Both companies handle millions of packages on their busiest days, so even a small drop can mean tens or hundreds of thousands of customers receive their shipments late.
Parcel carriers’ logistics operations are being tested by the surge in web orders at the holidays, which has grown rapidly over the past several years. This year, e-commerce accounted for 25% of consumer spending on Black Friday and the two days prior, up from 18% last year and nearly double the figure for the same period four years ago, according to First Data Corp.

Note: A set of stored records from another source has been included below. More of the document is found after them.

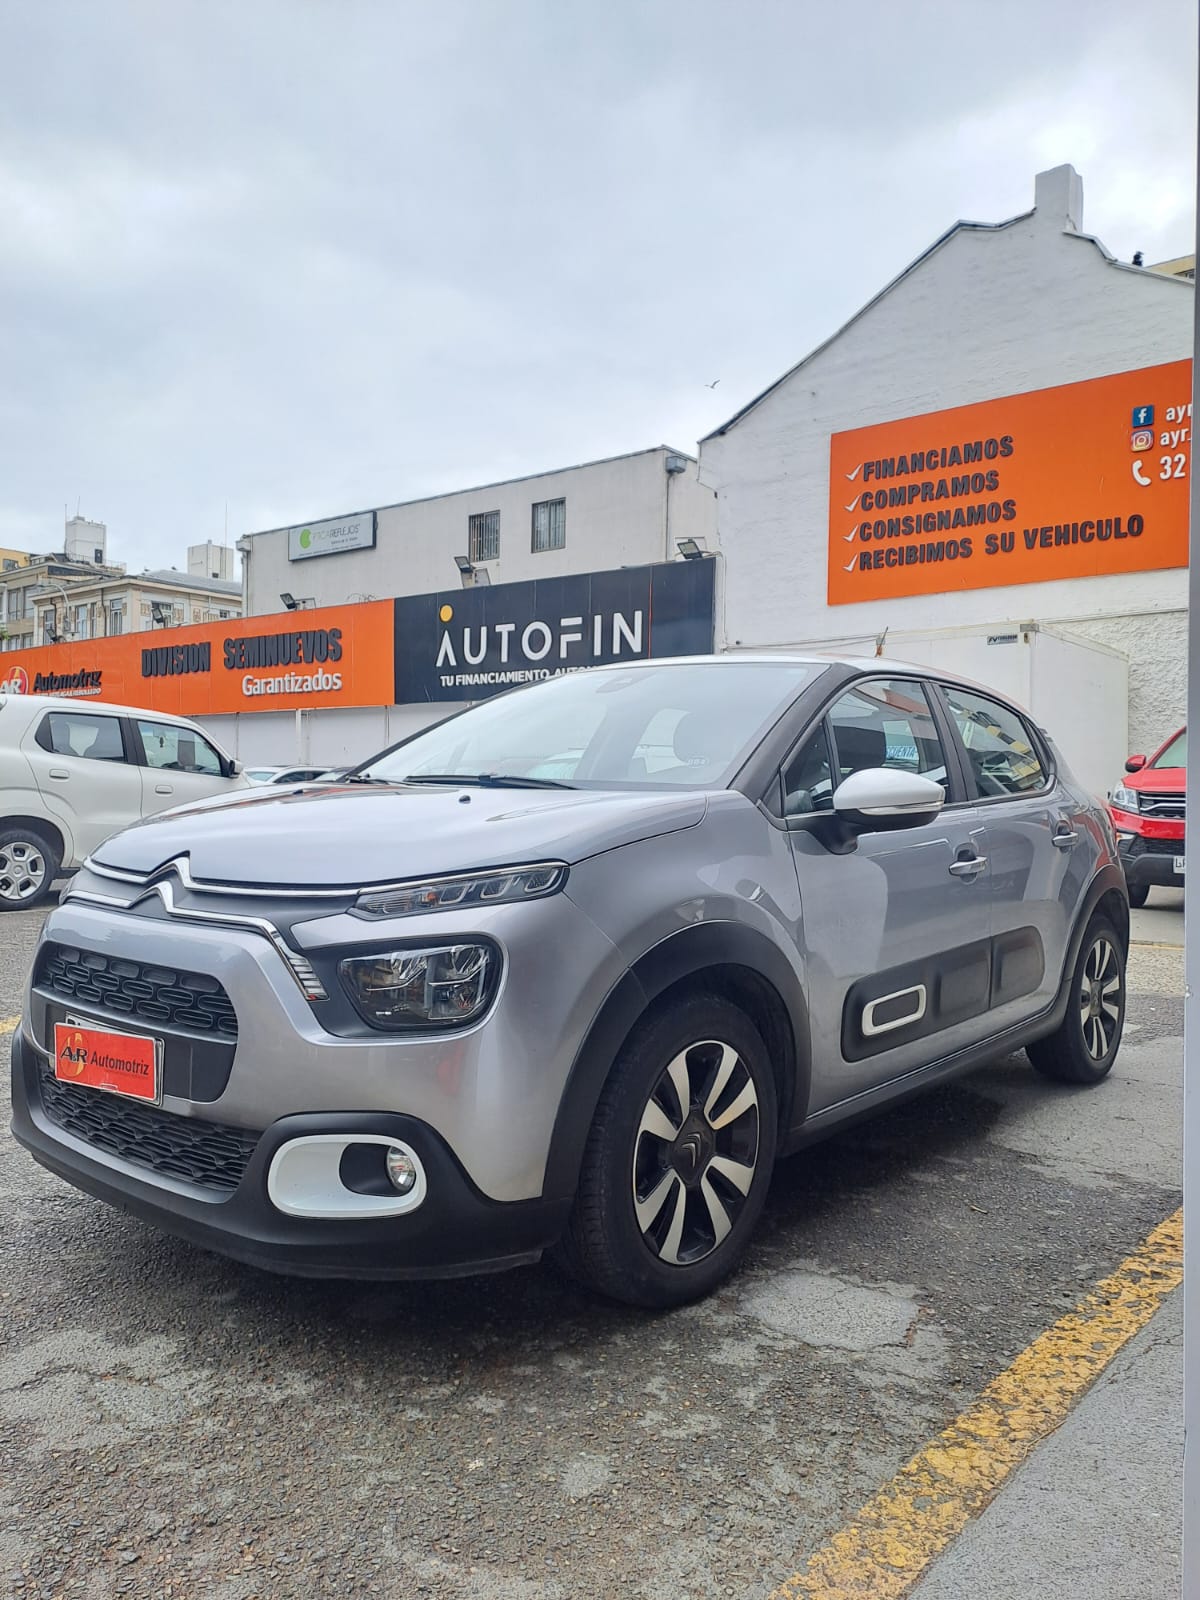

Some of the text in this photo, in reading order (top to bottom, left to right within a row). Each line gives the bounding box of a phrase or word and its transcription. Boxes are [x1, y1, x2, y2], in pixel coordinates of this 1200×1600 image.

[863, 435, 1014, 481] FINANCIAMOS
[1160, 453, 1186, 480] 32
[861, 470, 1000, 511] COMPRAMOS
[859, 499, 1017, 542] CONSIGNAMOS
[859, 514, 1144, 571] RECIBIMOS SU VEHICULO
[141, 628, 343, 678] DIVISION SEMINUEVOS
[436, 606, 643, 667] AUTOFIN
[33, 668, 102, 692] Automotriz
[242, 668, 342, 696] Garantizados
[440, 676, 454, 687] TU
[456, 668, 550, 686] FINANCIAMIENTO
[90, 1051, 150, 1076] Automotriz

UPS in November said it expected to handle a record of more than 700 million packages between Thanksgiving and the end of December this year, up 14% from last year’s all-time high. FedEx Corp. expects a 10% bump. Both companies say daily demand during the peak holiday season can reach double their average daily shipment volume.
As the volume of packages surges beyond forecasts at some of the carriers’ shipping hubs, it is testing new systems meant to smoothly handle the holiday rush. Both UPS and FedEx added dozens of satellite sorting facilities and invested in automation to process more packages faster. Both carriers want to avoid problems of the magnitude they faced in 2013, when bad weather and a rush of last-minute shoppers ordering online resulted in millions of packages arriving too late.
Neither company has seen anything like the 2013 traffic jam this year, though many customers have experienced delays of a day or two.
Last week Michael Howard, owner of a small Jefferson, Ga., company that prints commemorative sports balls, sent two footballs via UPS Ground to Texas for a high-school team banquet. The package should have arrived Thursday, Dec. 8, Mr. Howard said. But on Friday he discovered the estimated arrival date had been changed to Monday—too late to make the banquet that Sunday.
“It’s frustrating when I bend over backwards to meet a customer’s deadline,” Mr. Howard said. “Just because there’s Cyber Monday, I have to take a back seat?”
A spokeswoman for UPS said the carrier has faced various challenges this year, which have held up some deliveries. “A small percentage of packages have experienced some delay related to weather, wildfires or some operational challenges,” UPS spokeswoman Susan Rosenberg wrote in an email Monday.
As in past years, UPS is moving personnel—often managers from headquarters—to busier locations, Ms. Rosenberg wrote.
Those staff may handle tasks such as sorting, loading and unloading trucks, shuttling additional packages to drivers on delivery routes and occasionally delivering packages to doorsteps, people familiar with the matter said.
However, the high number of employees sent into the field this year, still almost two weeks out from Christmas Eve, signals that the delivery giant is bracing for a bumpy holiday season, said Brandon Staton of logistics consultancy Transportation Impact LLC.
“If their supply chain is already starting to get clogged, the issue could compound on itself and we could experience a situation where people aren’t getting their packages for Christmas,” Mr. Staton said.
Because e-commerce is growing so explosively, it is hard to know how much volume to anticipate, Mr. Staton said.
“Until this trend shows any sort of stabilization, the carriers—I don’t care how good they are—are going to have a tough time trying to figure out where to allocate their resources in order to keep up with demand.”